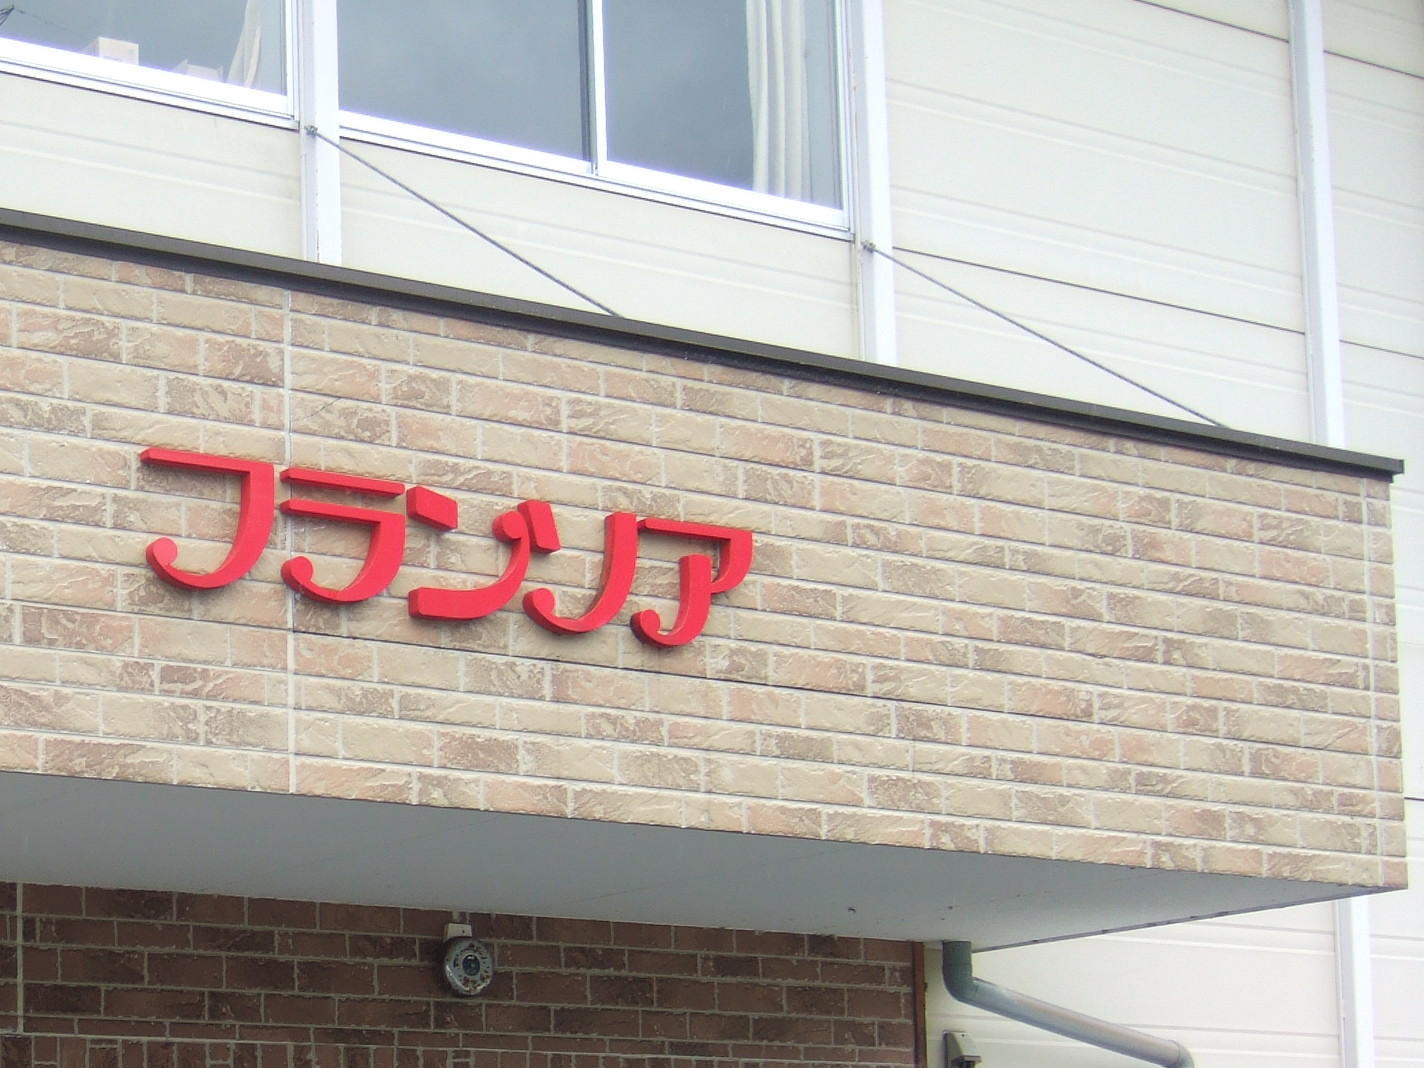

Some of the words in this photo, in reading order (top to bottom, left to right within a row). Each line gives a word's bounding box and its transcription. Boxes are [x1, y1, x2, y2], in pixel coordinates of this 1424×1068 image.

[140, 446, 753, 648] フランソア
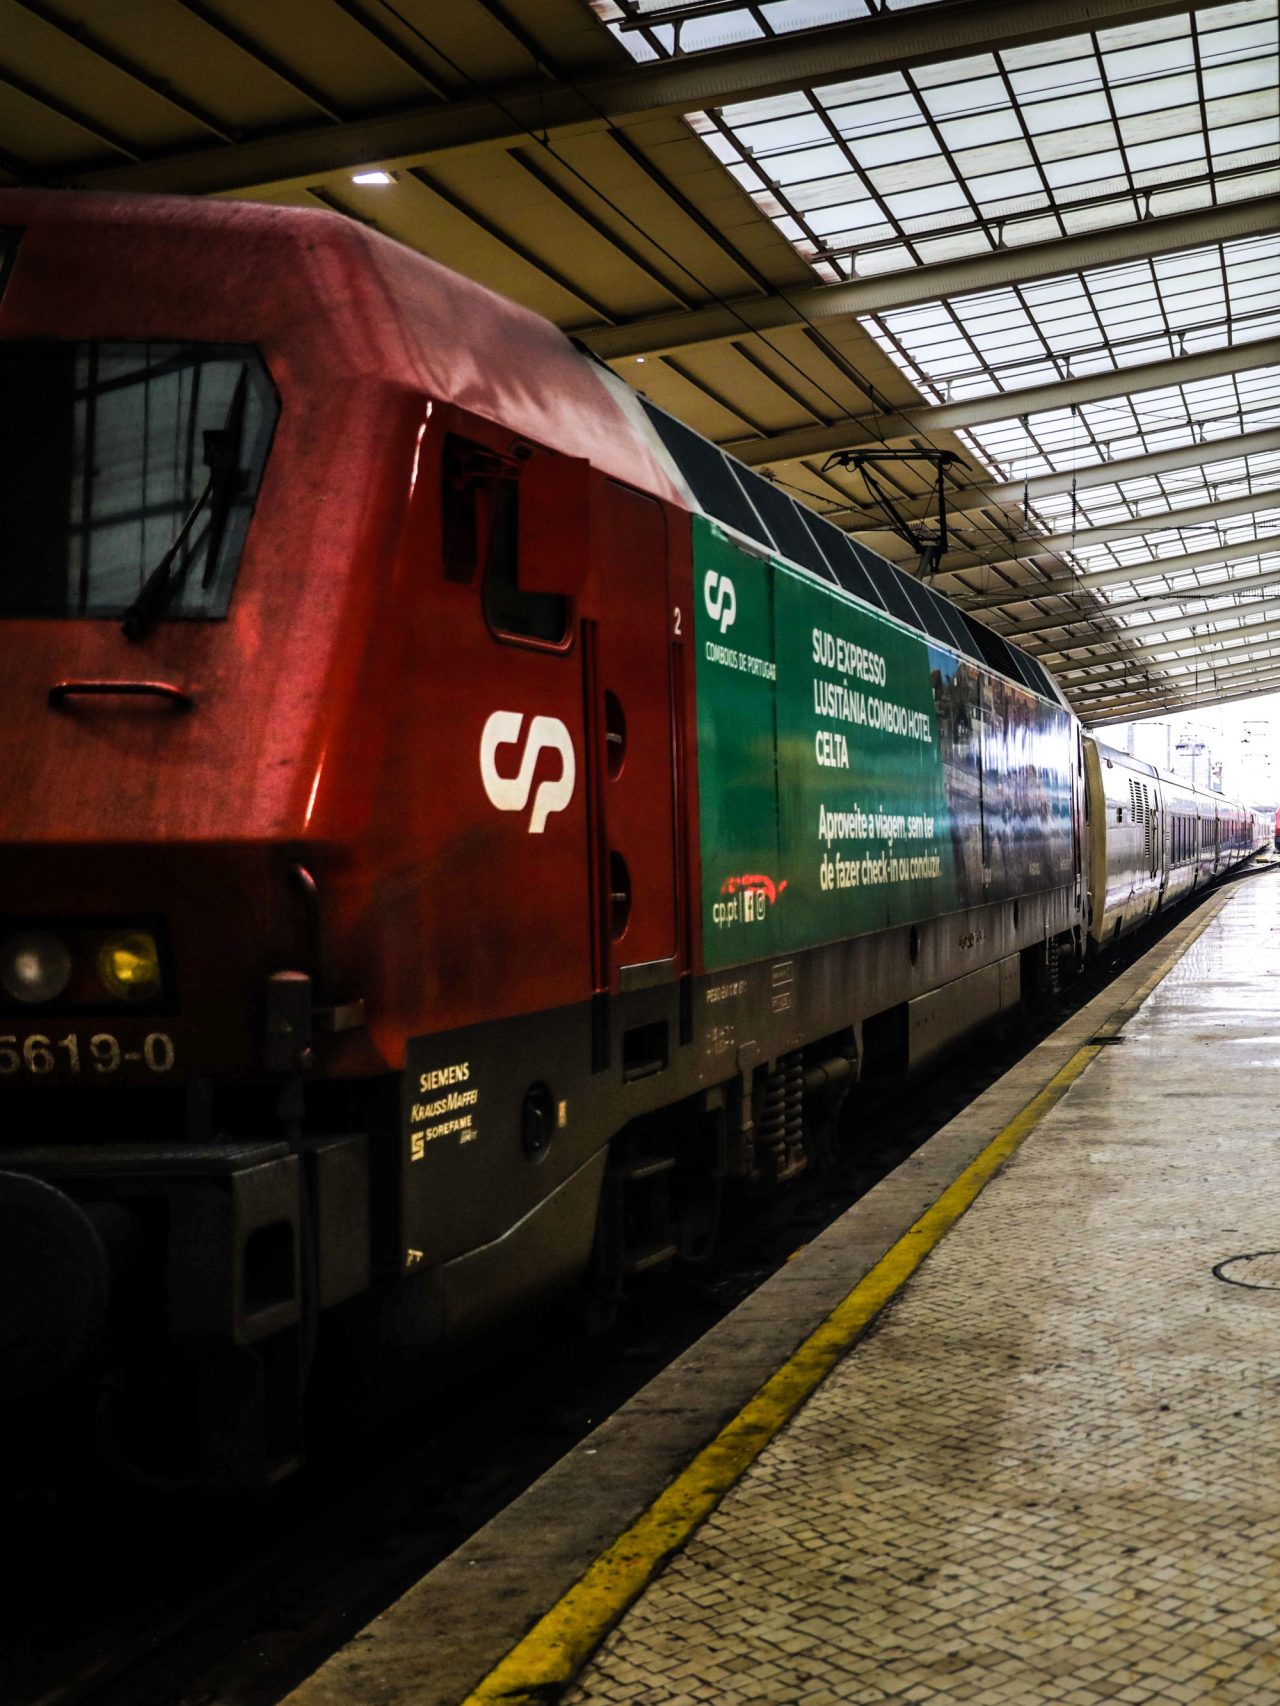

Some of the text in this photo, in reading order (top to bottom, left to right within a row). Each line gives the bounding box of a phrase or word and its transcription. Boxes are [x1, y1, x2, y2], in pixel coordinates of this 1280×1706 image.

[673, 607, 682, 635] 2
[705, 641, 738, 669] COMBOIOS
[739, 652, 748, 672] DE
[812, 627, 887, 688] SUD EXPRESSO
[814, 678, 933, 743] LUSITÂNIA COMBOIO HOTEL
[815, 730, 850, 769] CELTA
[818, 802, 867, 849] Aproveite
[868, 813, 875, 839] a
[907, 815, 924, 839] sem
[923, 812, 934, 839] ter
[820, 853, 835, 891] de
[835, 852, 860, 889] fazer
[861, 848, 899, 886] check-in
[899, 858, 910, 881] ou
[0, 1032, 175, 1073] 5619-0
[420, 1062, 470, 1093] SIEMENS
[425, 1115, 472, 1141] SOREFAME
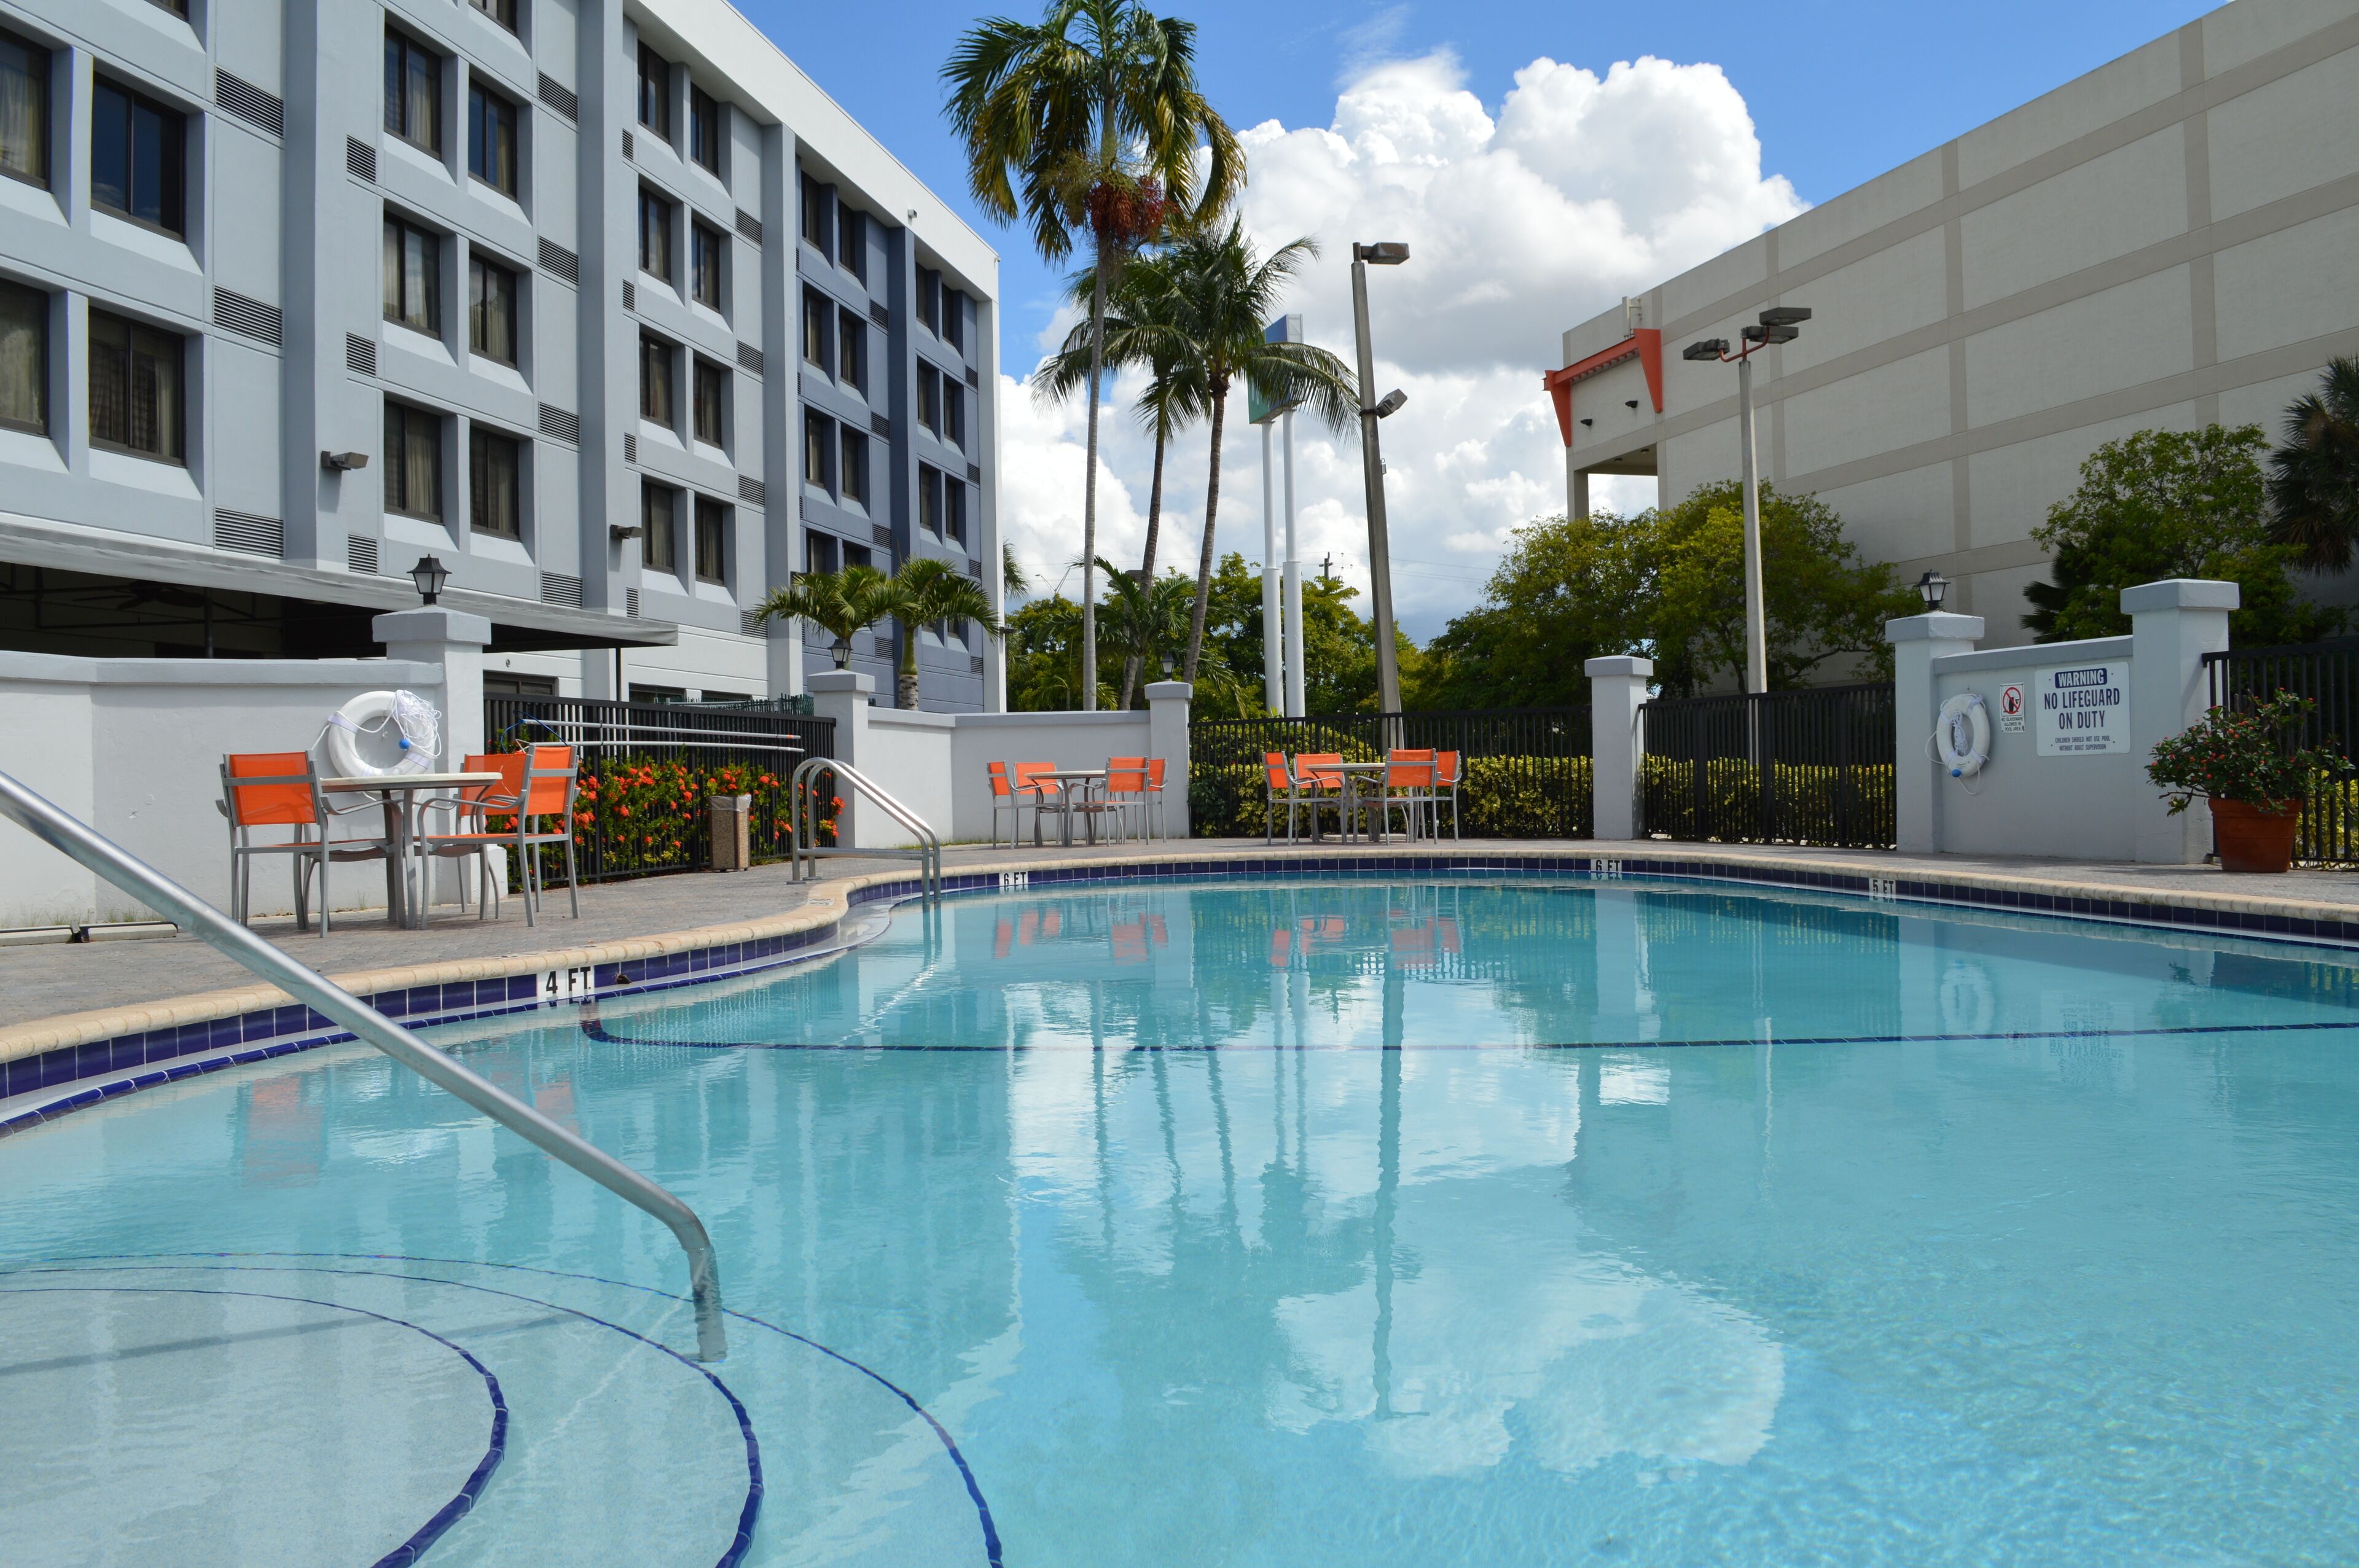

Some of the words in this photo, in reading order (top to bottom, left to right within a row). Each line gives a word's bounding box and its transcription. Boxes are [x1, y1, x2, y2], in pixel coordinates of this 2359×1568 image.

+ + +

YOUR OBJECTIVE.
With the images excluded, all entries are to be given again exactly.

COMPLETED EXERCISE.
Some of the words in this photo, in reading order (top to bottom, left to right within a row). Each line gives a word's bounding box and its transcription. Boxes are [x1, y1, x2, y2], in pixel coordinates of this 1424×1068 image.

[140, 446, 753, 648] フランソア

Some of the text in this photo, in reading order (top to bottom, left to right within a row). Each line gives the bounding box of a phrase or word and its transcription. Boxes are [x1, y1, x2, y2], in pixel coordinates of this 1280×1706 image.

[673, 607, 682, 635] 2
[705, 641, 738, 669] COMBOIOS
[739, 652, 748, 672] DE
[812, 627, 887, 688] SUD EXPRESSO
[814, 678, 933, 743] LUSITÂNIA COMBOIO HOTEL
[815, 730, 850, 769] CELTA
[818, 802, 867, 849] Aproveite
[868, 813, 875, 839] a
[907, 815, 924, 839] sem
[923, 812, 934, 839] ter
[820, 853, 835, 891] de
[835, 852, 860, 889] fazer
[861, 848, 899, 886] check-in
[899, 858, 910, 881] ou
[0, 1032, 175, 1073] 5619-0
[420, 1062, 470, 1093] SIEMENS
[425, 1115, 472, 1141] SOREFAME

Some of the words in this photo, in reading order (top to bottom, left to right within a row). Each line gives a word's bounding box and its transcription. Boxes are [x1, y1, x2, y2], in pixel coordinates of this 2359×1568 image.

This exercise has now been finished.